REACH discussed with health sector

The second of three working groups on the REACH (Registration, Evaluation and Authorisation of Chemicals) legislation was held with the collaboration of MSA Foodstuffs, Chemicals and Cosmetics Directorate Director Martin Seychell. This follows the brainstorming and briefing session held for FOI members in March.

The aim of these working groups is to enable business operators to air their concerns and put forward their suggestions on how best this new legislation can be implemented and enforced locally, as well as the identification of local training requirements and how best to address these requirements.

Although the forthcoming REACH legislation will exclude from its provisions any substance used in medicinal products (active ingredients and excipients), this new regulation may still directly affect the pharmaceutical and health-related business operators, depending on set annual thresholds and actual use of the chemical or substance.

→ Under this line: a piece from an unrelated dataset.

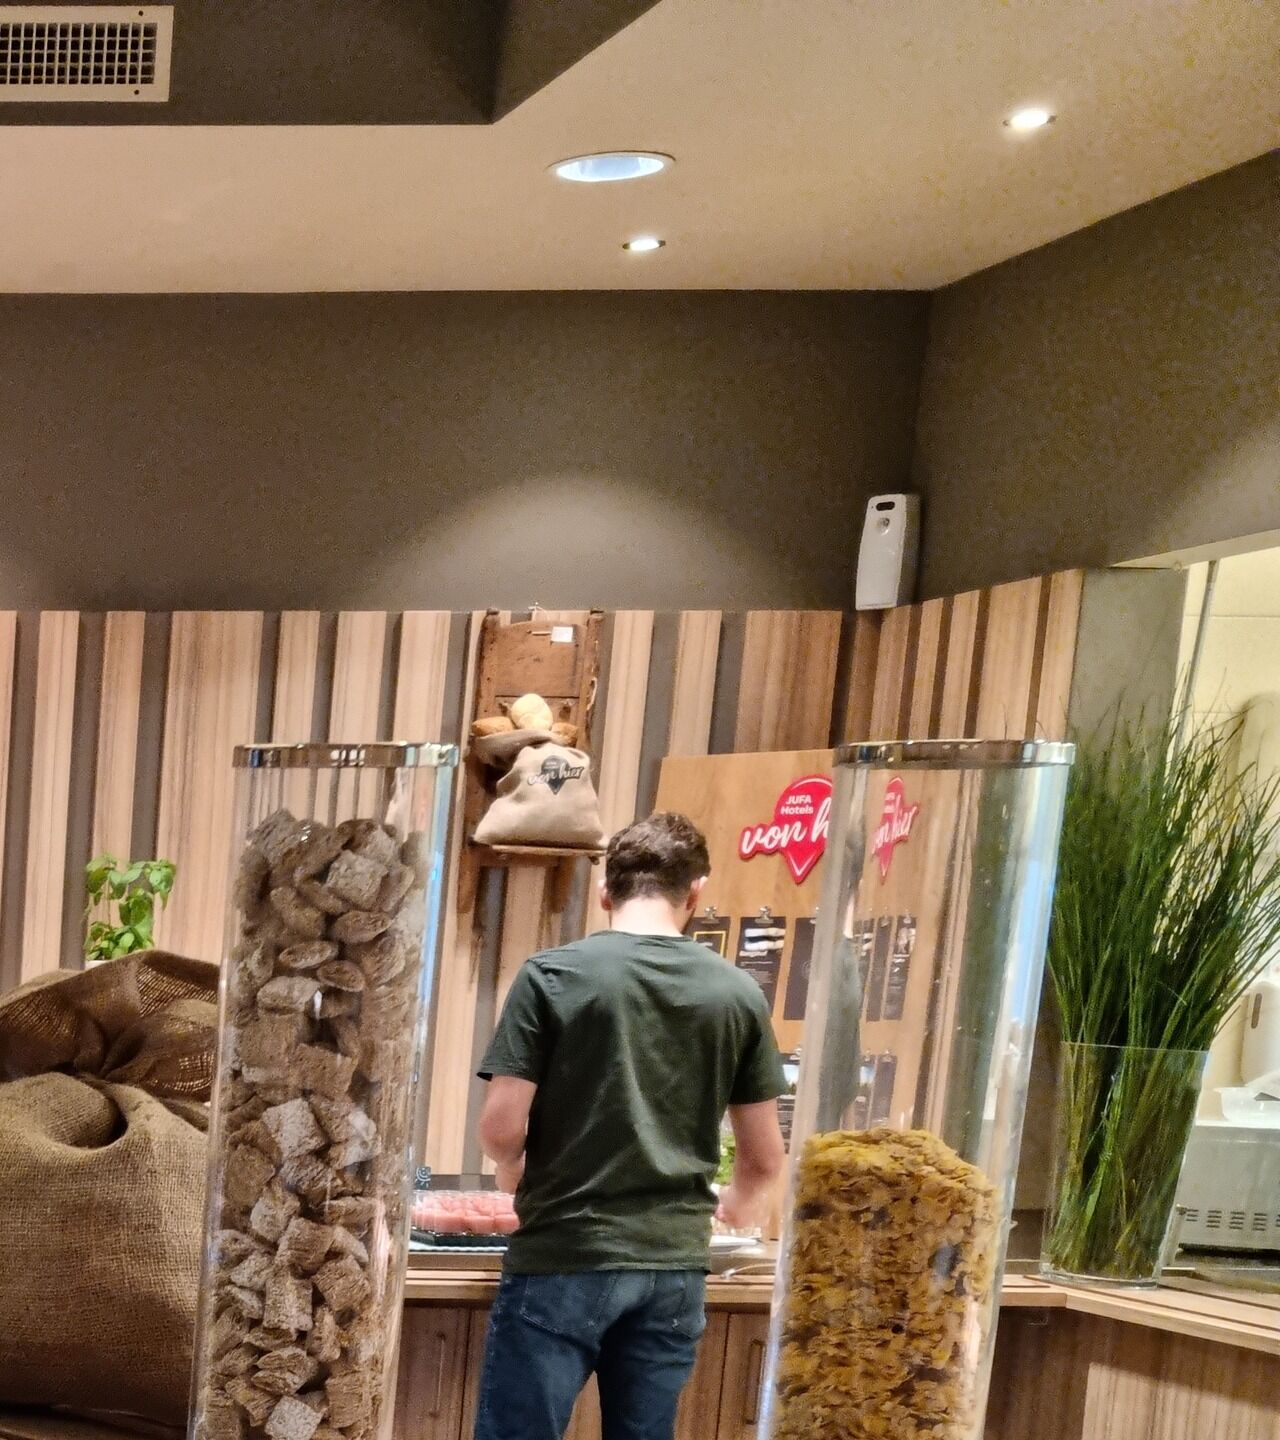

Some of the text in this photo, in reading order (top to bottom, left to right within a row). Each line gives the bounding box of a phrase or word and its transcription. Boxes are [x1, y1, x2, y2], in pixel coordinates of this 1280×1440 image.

In fact, all substances that do not eventually end up forming part of the medicinal product, as well as those substances purchased that do not form part of the manufacturing process (including lubricants from machinery, disinfectants, and reagents) all fall under the provisions of REACH.

In view of this, for the second working group meeting, which was held at the FOI last Monday, chaired by FOI executive Cecilia Vella, the FOI invited pharmaceutical and health-related manufacturers, as well as those involved in the manufacture of cosmetics.

The two main areas of focus during this meeting were a clarification of the various exemptions, as well as the issue of confidentiality. In addition to the areas of application listed above, Mr Seychell explained various sections within Article 2 of the REACH proposal, particularly that relating to worker risk protection.

He said that exposure scenarios would be recorded with the logging of the exposure duration of each employee to any substance termed as critical in the production process. The MSA official also highlighted the exemption relating to product and process-orientated research and development (R&D), as well as scientific R&D, for five years under Article 7 of the REACH proposal.

When referring to Articles 114-116 of the EU proposal, Mr Seychell briefly outlined the information that has to be disclosed to consumers; information that would only be made available on request and details that, as a general rule, would be kept confidential.

The protection of confidential uses of the substances and the collective sharing of information, as well as the situation when suppliers are located in non-EU countries, were also discussed.

The discussion ensued on aspects like the co-ordination between the various government authorities for the local enforcement of REACH; possible withdrawal of substances; post-registration surveillance; and the treatment of polymers and nanomaterials. Before the meeting ended, Mr Seychell recommended that all business operators appoint a REACH contact person (possibly the official responsible for H&S, environment or purchasing in the company) who should become familiar with REACH and its consequence to the company, particularly in view of pre-registration, registration and other REACH processes.

The REACH official would study how REACH would need to be administered within the firm and how new procedures in the handling of confidential information and exposure scenarios would need to be implemented. It is also recommendable that the REACH official would also seek the support of the company's suppliers of substances, particularly in view of the company's specific uses of the chemicals/substances, as well as rating these suppliers and assessing the portfolio of the substances purchased.